**What you have to do**
Each entry below is to be restated word for word, with no pictures carried over.
=== Section Start ===
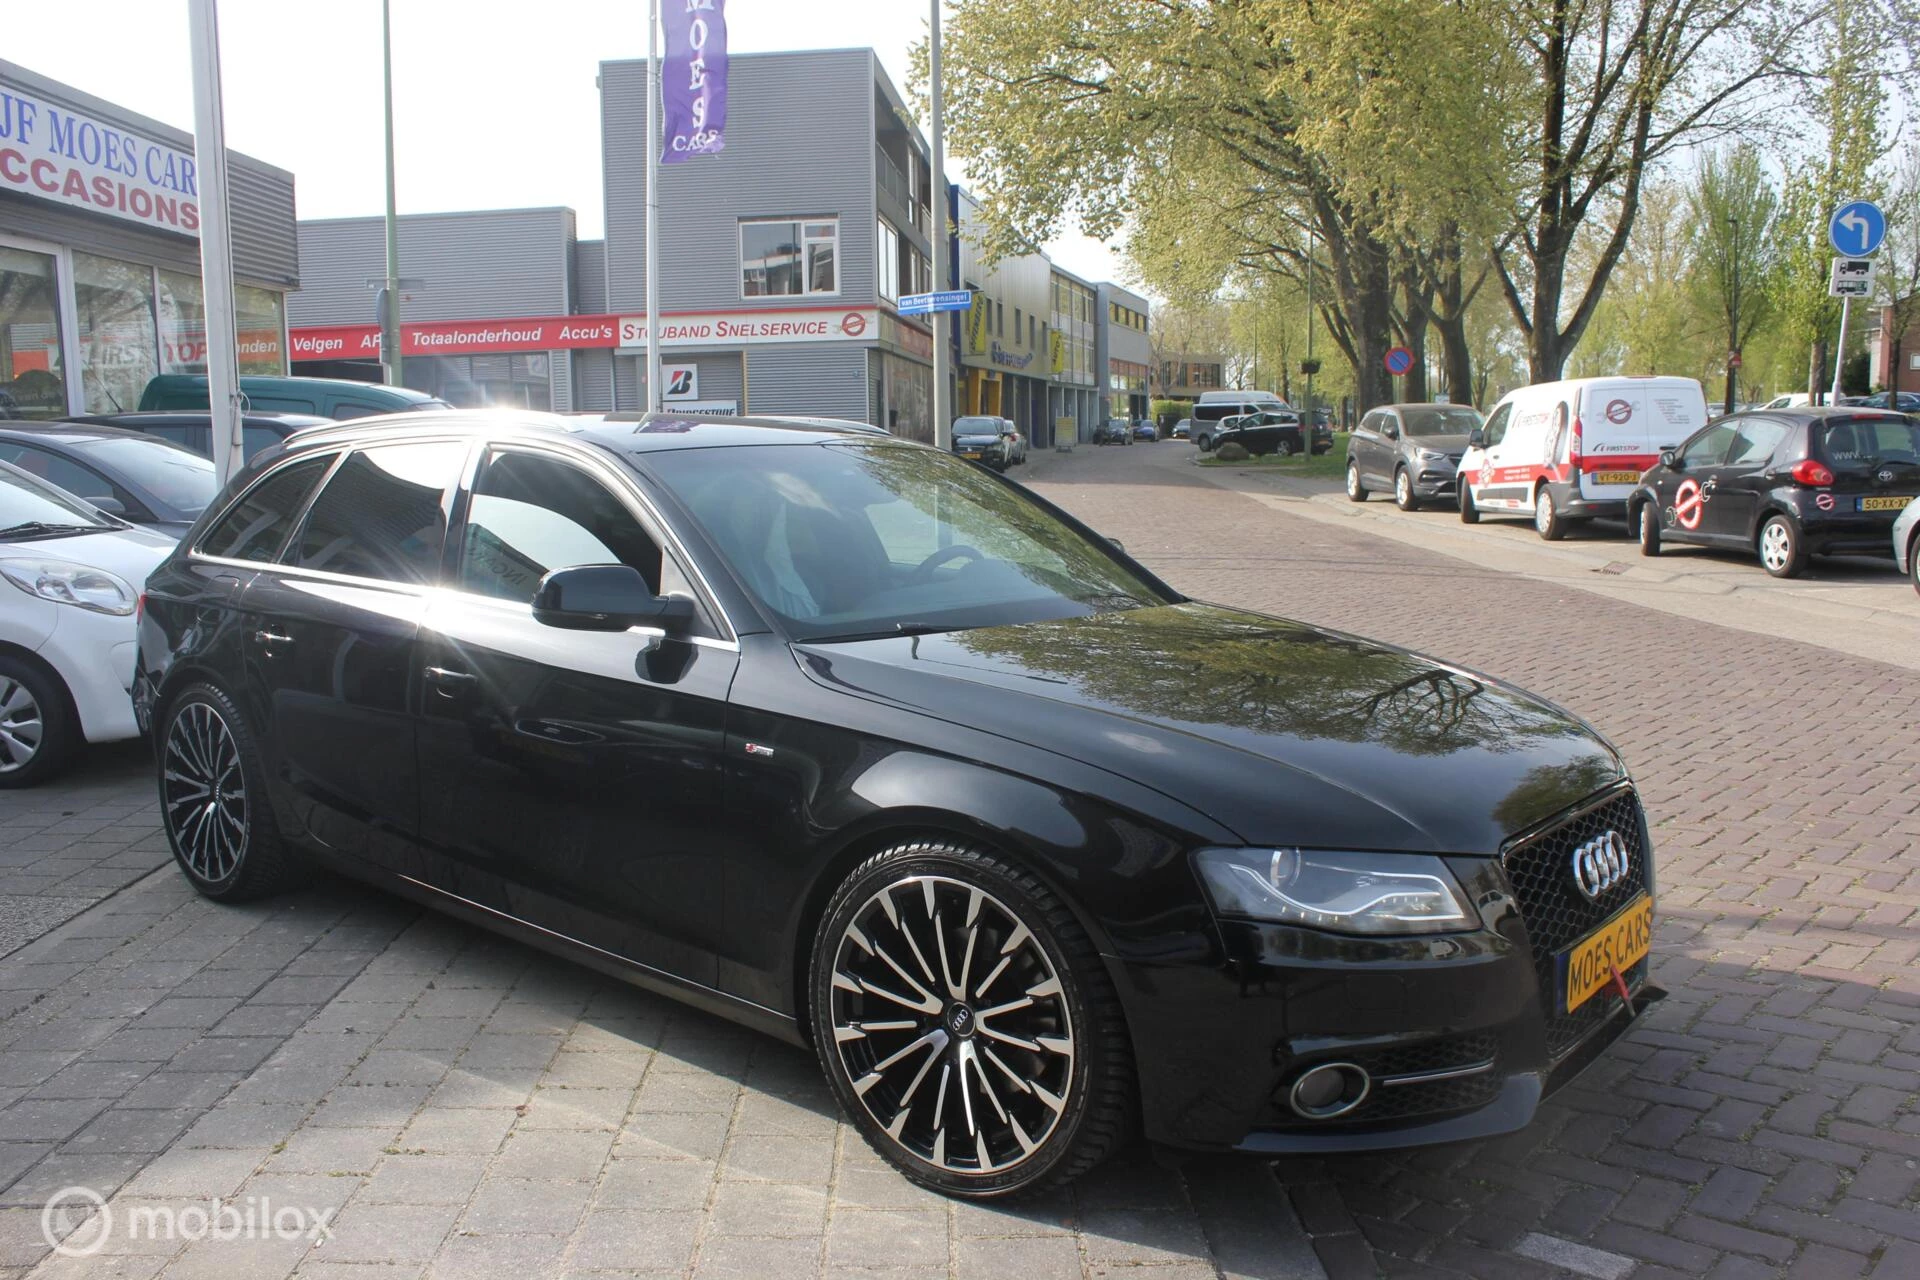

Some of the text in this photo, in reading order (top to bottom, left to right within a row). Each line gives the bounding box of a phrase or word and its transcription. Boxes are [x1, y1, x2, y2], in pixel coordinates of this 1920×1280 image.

[48, 109, 138, 178] MOES
[293, 337, 343, 353] Velgen
[412, 327, 542, 346] Totaalonderhoud
[559, 324, 613, 340] Accu's
[623, 321, 828, 340] STUBAND SNELSERVICE
[1571, 907, 1651, 996] MOES CARS
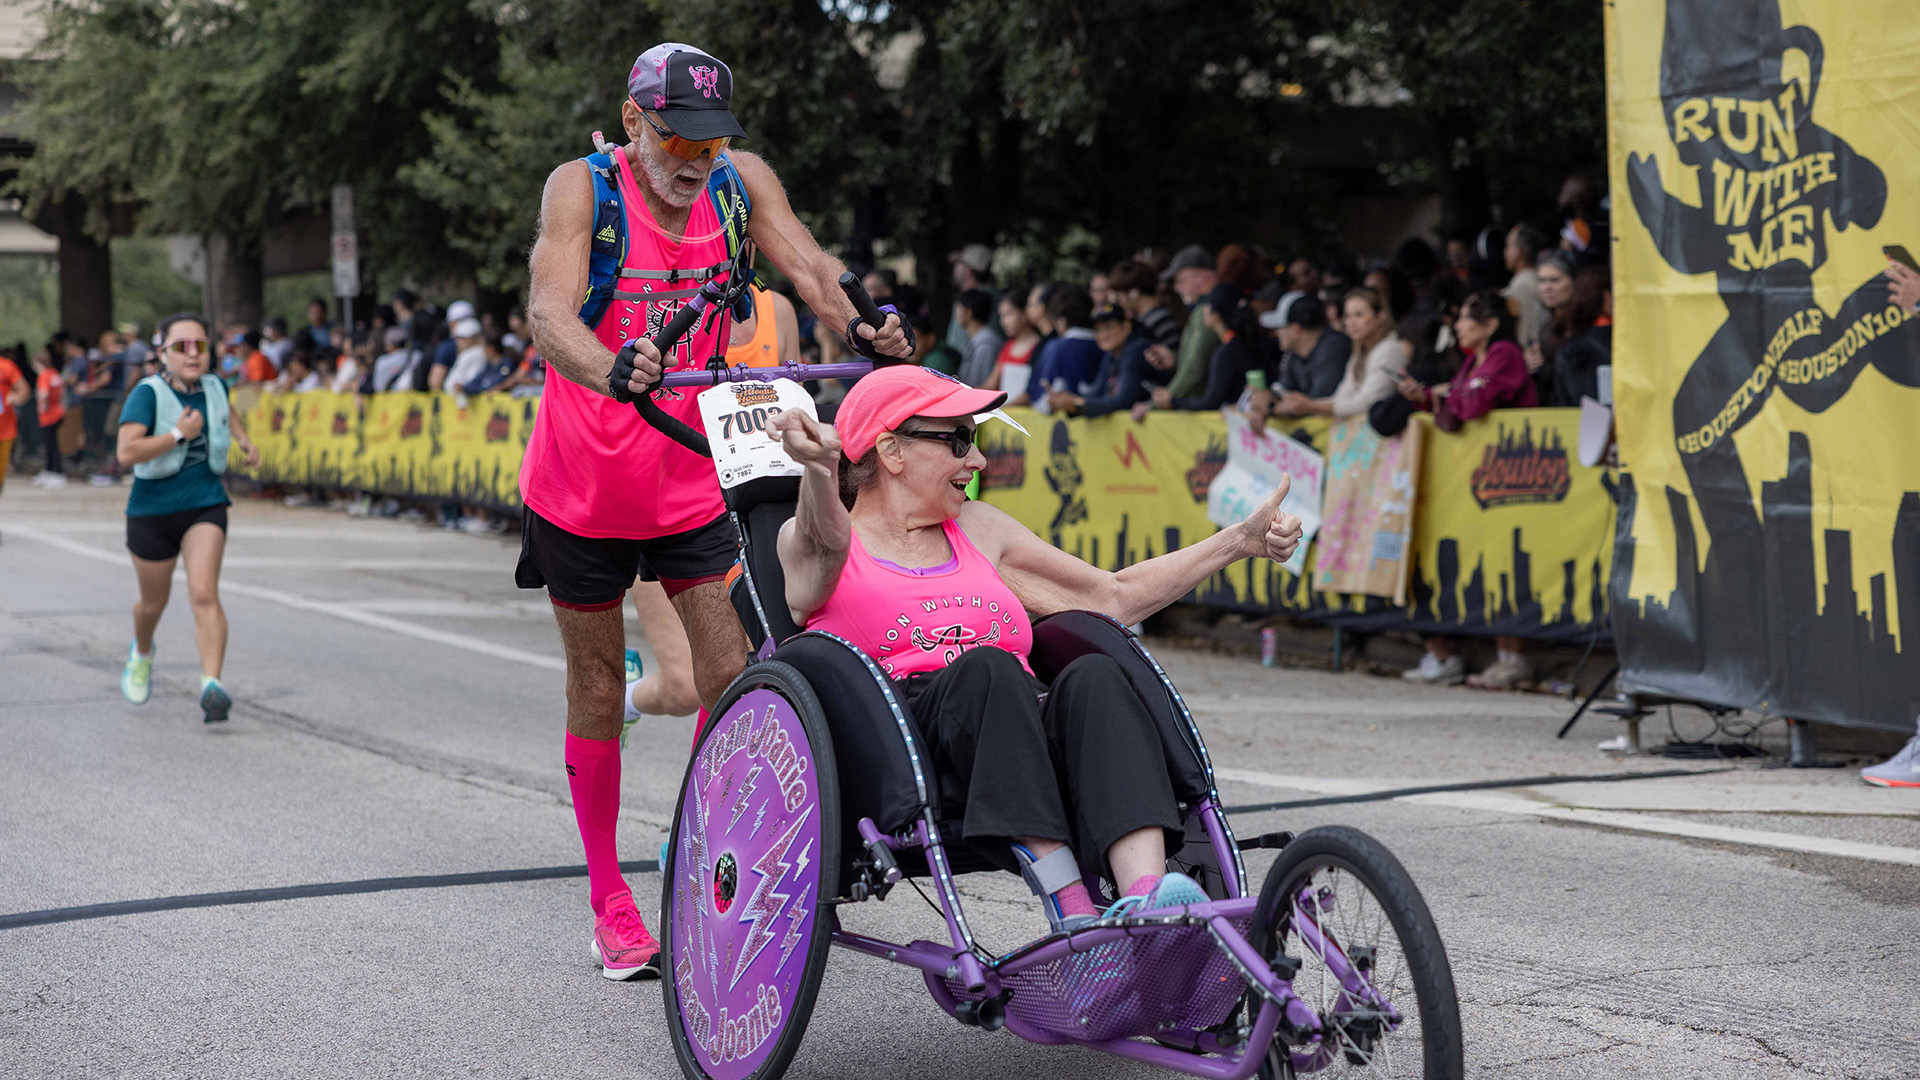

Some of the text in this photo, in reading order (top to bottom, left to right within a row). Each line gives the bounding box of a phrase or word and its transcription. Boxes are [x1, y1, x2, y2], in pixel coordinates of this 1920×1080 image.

[1673, 83, 1799, 163] RUN
[1711, 152, 1838, 227] WITH
[1726, 204, 1816, 271] ME
[1677, 308, 1824, 454] #HOUSTONHALF
[921, 596, 1019, 636] WITHOUT
[701, 704, 807, 813] Team Joanie
[674, 945, 781, 1066] Team Joanie
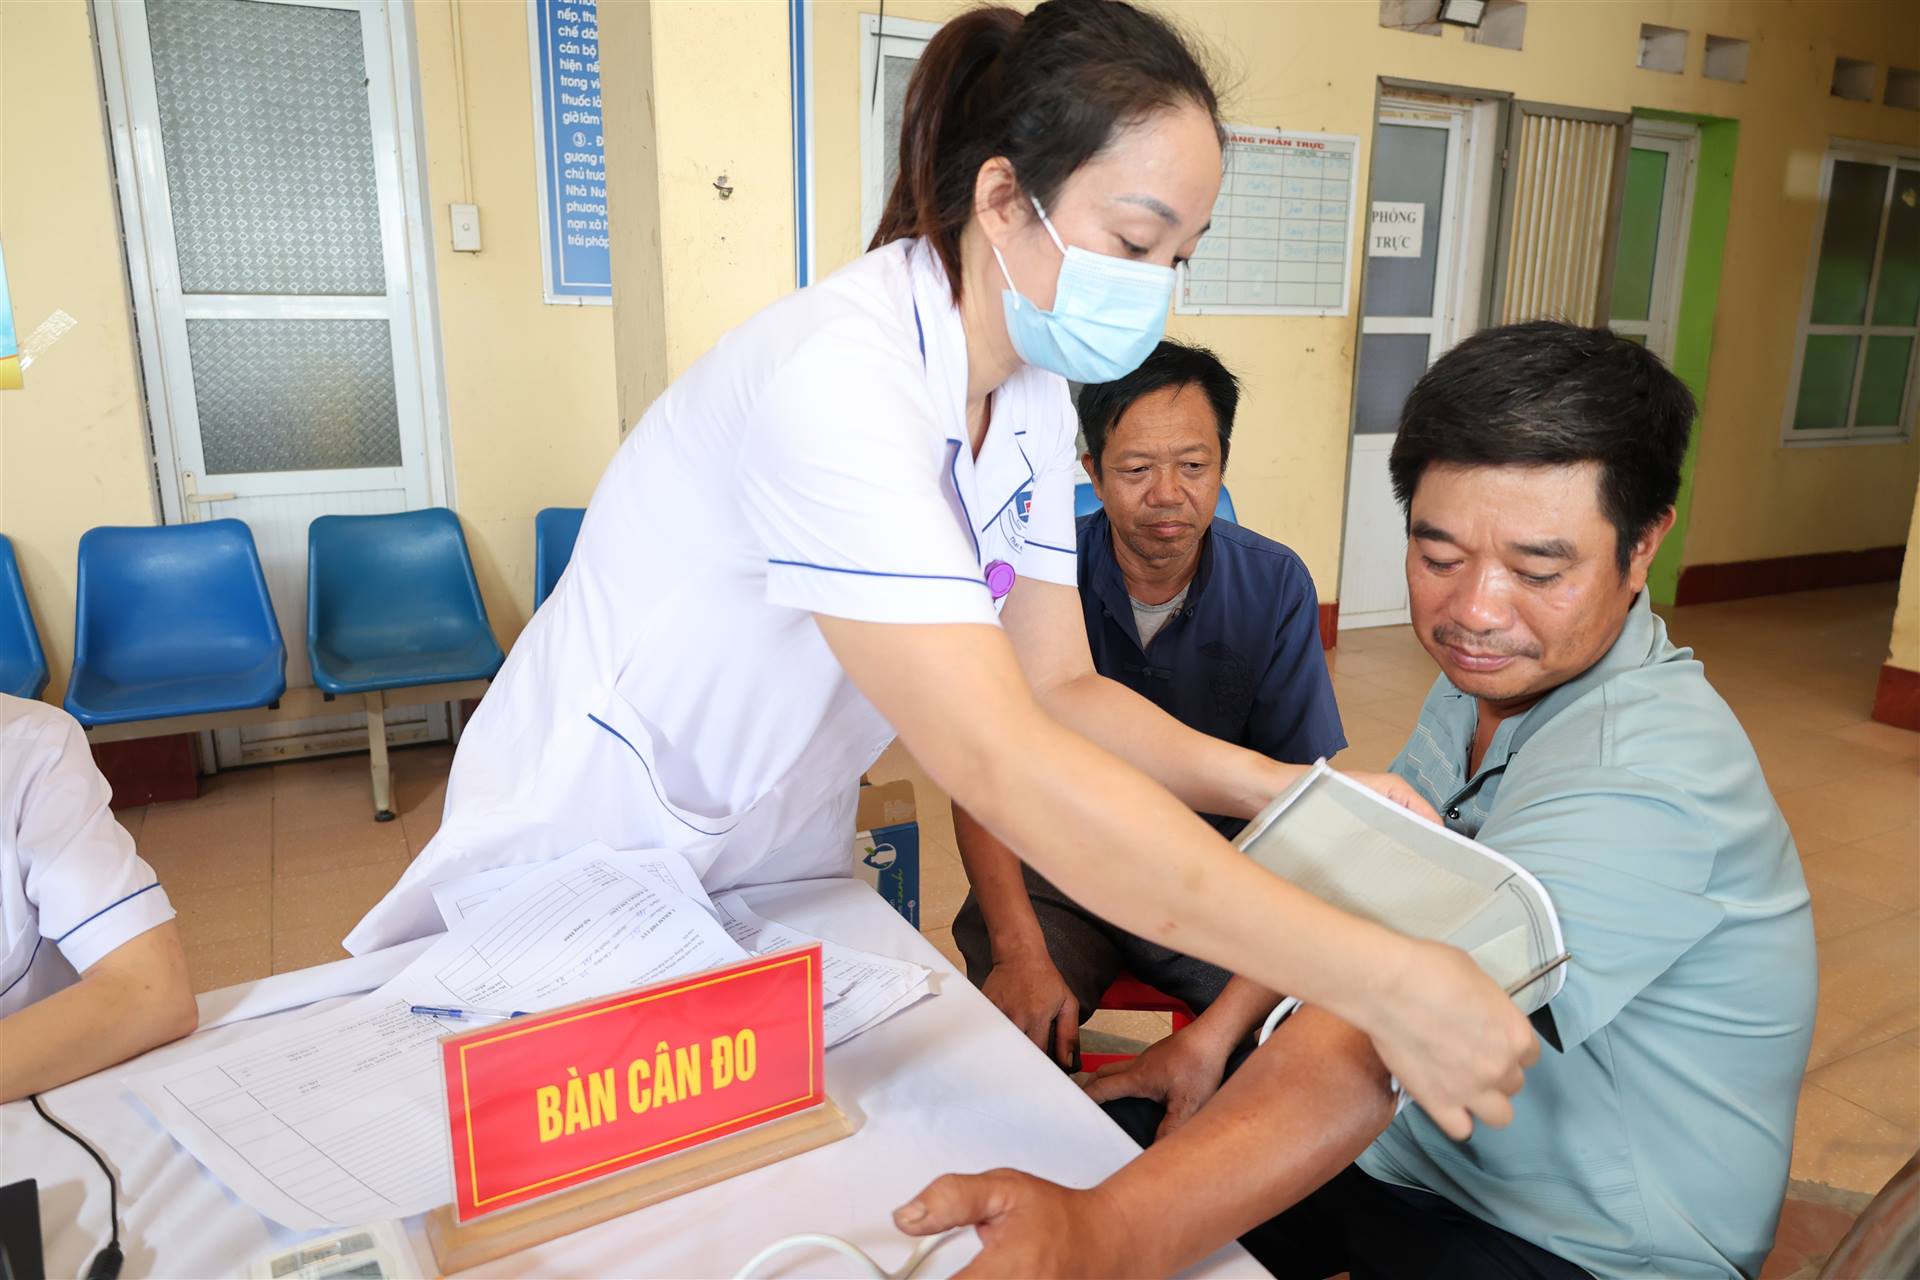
=== Section End ===
**Finished task**
Some of the text in this photo, in reading order (top to bottom, left to right within a row). Each line gives the bounding box of a phrase or word and its transcription. Boxes are [x1, y1, x2, y2], in pixel coordinates of this 1920×1280 image.

[48, 109, 138, 178] MOES
[293, 337, 343, 353] Velgen
[412, 327, 542, 346] Totaalonderhoud
[559, 324, 613, 340] Accu's
[623, 321, 828, 340] STUBAND SNELSERVICE
[1571, 907, 1651, 996] MOES CARS

Some of the text in this photo, in reading order (top to bottom, left to right within a row). Each line gives the bounding box of a phrase or word and its transcription. Boxes are [x1, y1, x2, y2], in pixel coordinates of this 1920×1080 image.

[1673, 83, 1799, 163] RUN
[1711, 152, 1838, 227] WITH
[1726, 204, 1816, 271] ME
[1677, 308, 1824, 454] #HOUSTONHALF
[921, 596, 1019, 636] WITHOUT
[701, 704, 807, 813] Team Joanie
[674, 945, 781, 1066] Team Joanie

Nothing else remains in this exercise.